Even if you’ve gotten better at managing guilt over the past year, Page says that forgiving yourself and others is a personal journey that can last decades—so give yourself time.

One of the first steps she suggests is identifying your family’s strengths. You can’t change the past, but you can channel your skills so you can keep improving, she says. For example, one parent complained that her family had gotten short-tempered with one another—they’d argue, slam doors, and stew. Through classes, she learned to react to frustrating situations by taking a deep breath and using compliments to steer the conversation in a positive direction.

“She found it led to everyone in the family being more willing to talk things out,” Page says.

Kamia adds that parents should look at their guilt with the proper context. For instance, many working parents felt bad about the lack of support children had once schools shut down without options for childcare. But an even more wrenching situation was when parents who couldn’t work from home felt as if they were putting their health—and their family’s—at risk.

So therefore, Kamia says the path to forgiveness also involves asking, “What can you be present for? What can you control?”

Talking about feelings can also give you a new perspective on a situation, Borelli says. Maybe you feel guilty that your child couldn’t have an in-person birthday party or had to wait for help with school assignments while you were busy with work.

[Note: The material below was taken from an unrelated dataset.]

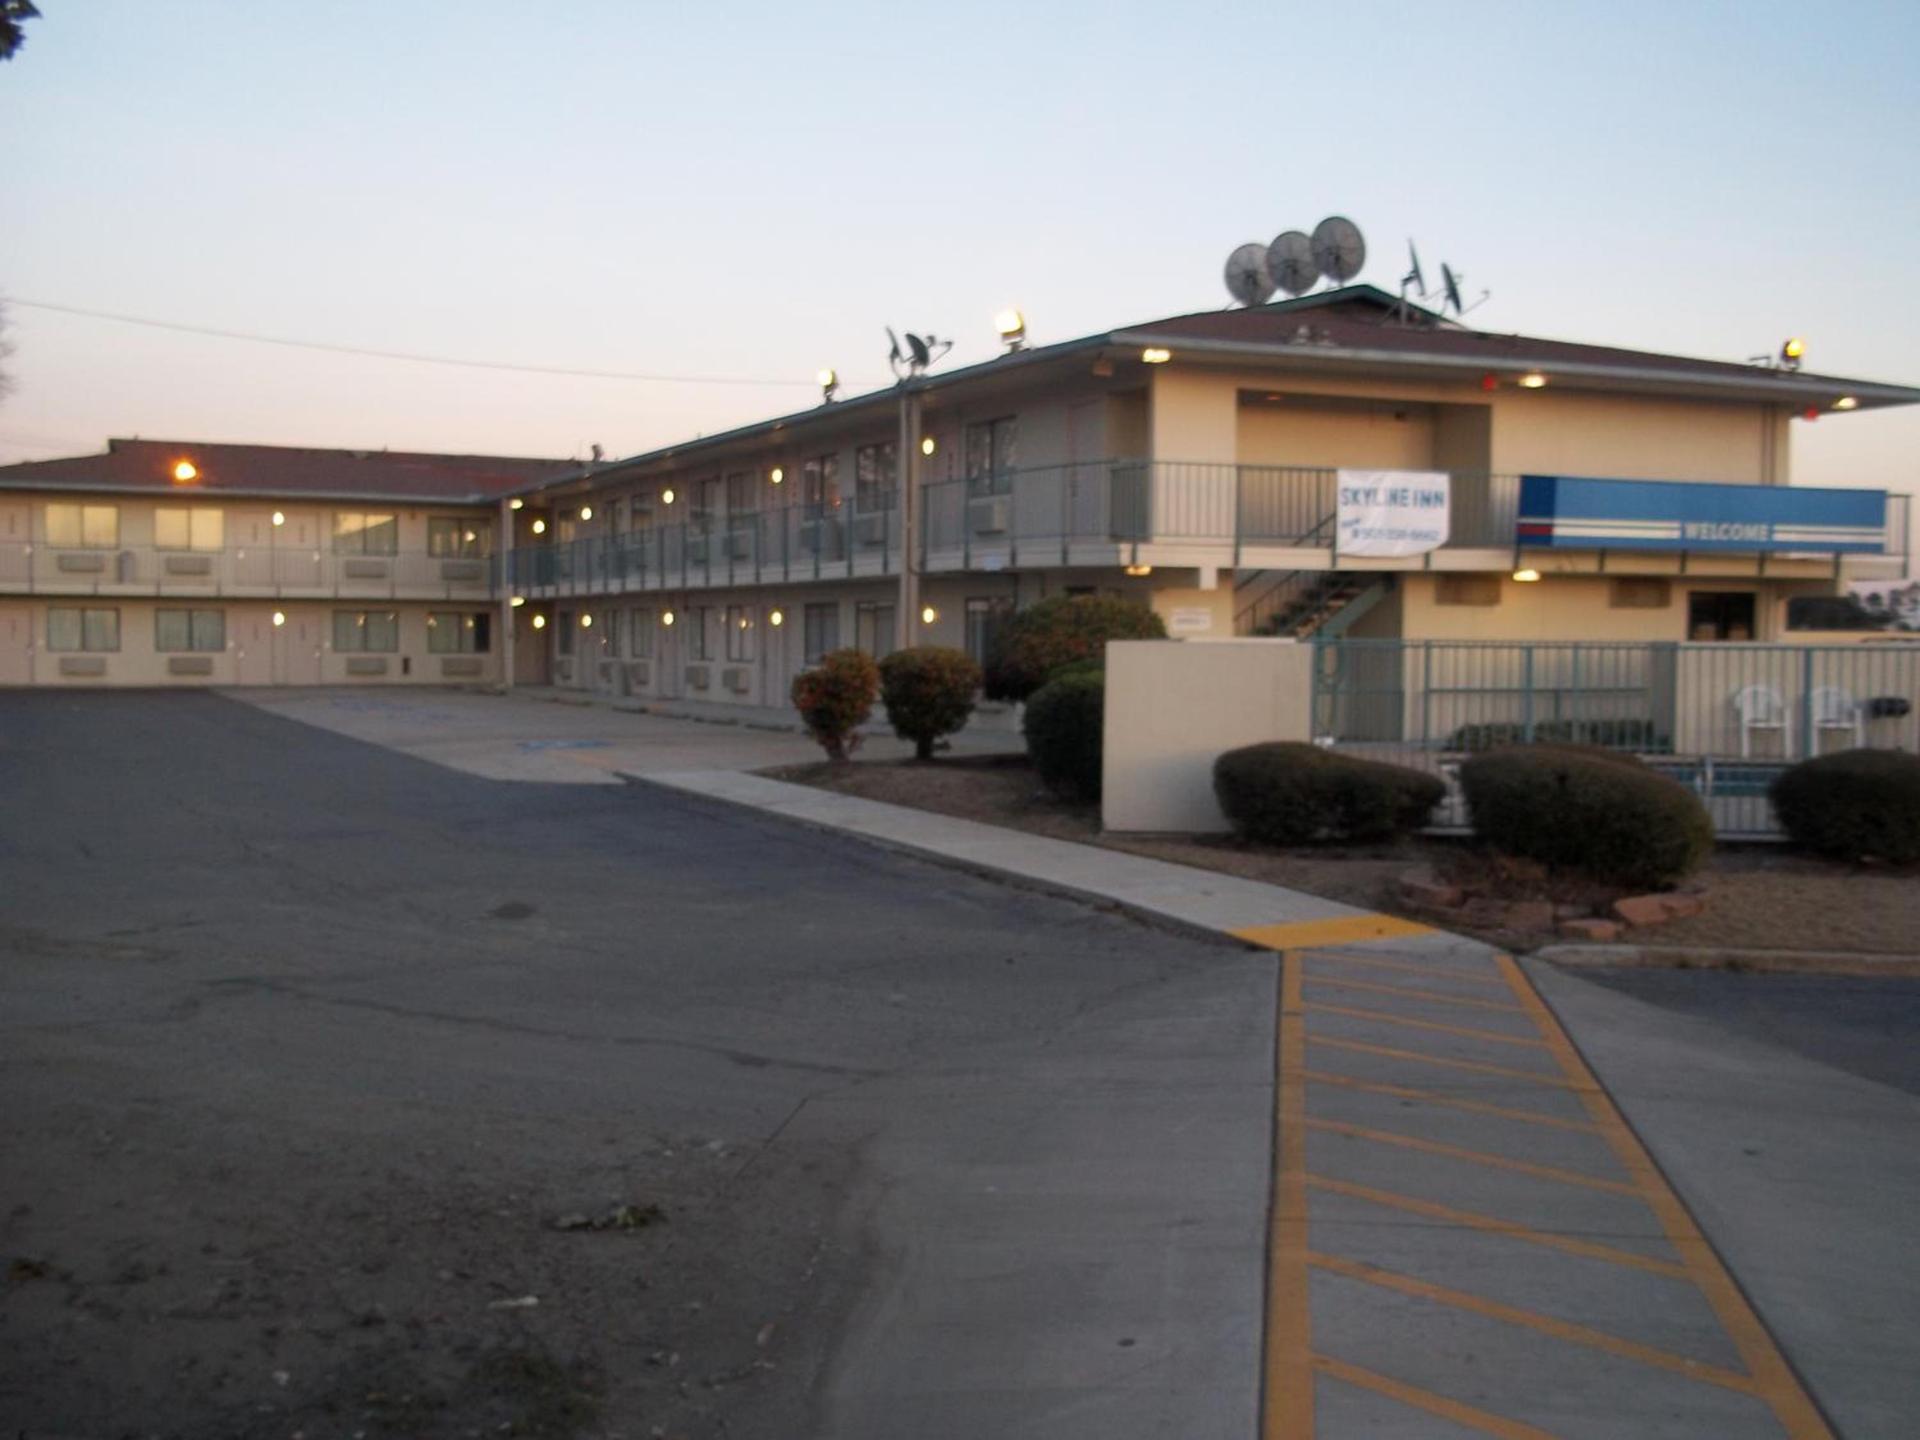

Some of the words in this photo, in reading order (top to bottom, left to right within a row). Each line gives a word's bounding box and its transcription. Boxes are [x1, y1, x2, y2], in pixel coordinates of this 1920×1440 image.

[1340, 487, 1410, 507] SKYLNE
[1413, 489, 1445, 509] INN
[1684, 521, 1769, 542] WELCOME

“Talk with your child about what they’ve learned and how this helped them,” she says. “Try to cultivate in yourself that your kid is strong and can grow from this experience. There are good things to be learned from struggling through mild adversity, such as recognising that we are resilient, and recognising the value of the important things in life, like connections with other people."

Brandy Green, a practitioner who works with parents through the Lutheran Social Service of Minnesota curriculum, says examining how you were raised is another important self-reflection exercise to help alleviate guilt. That’s because we often pick up behaviours from our parents, and these habits may influence how we raise our own children—for better or, sometimes, for worse.

For example, when kids repeat questions like “Why can’t I go back to school?” or “Why do I have to wear a mask?” frustrated parents may answer, “Because I said so.” Green says that response, a product of their upbringing and a depleted reservoir of patience, might be standing in the way of healthier forms of communication. Her advice: Try to recognise these patterns so you can change them.

Above all, learning how to navigate your emotions—including feelings of guilt—is one of the most valuable things a parent can do for a child, Kamia says.

“At the end of the day, we’re their compass,” she adds. And after this past year, they’re sure to need extra help with directions.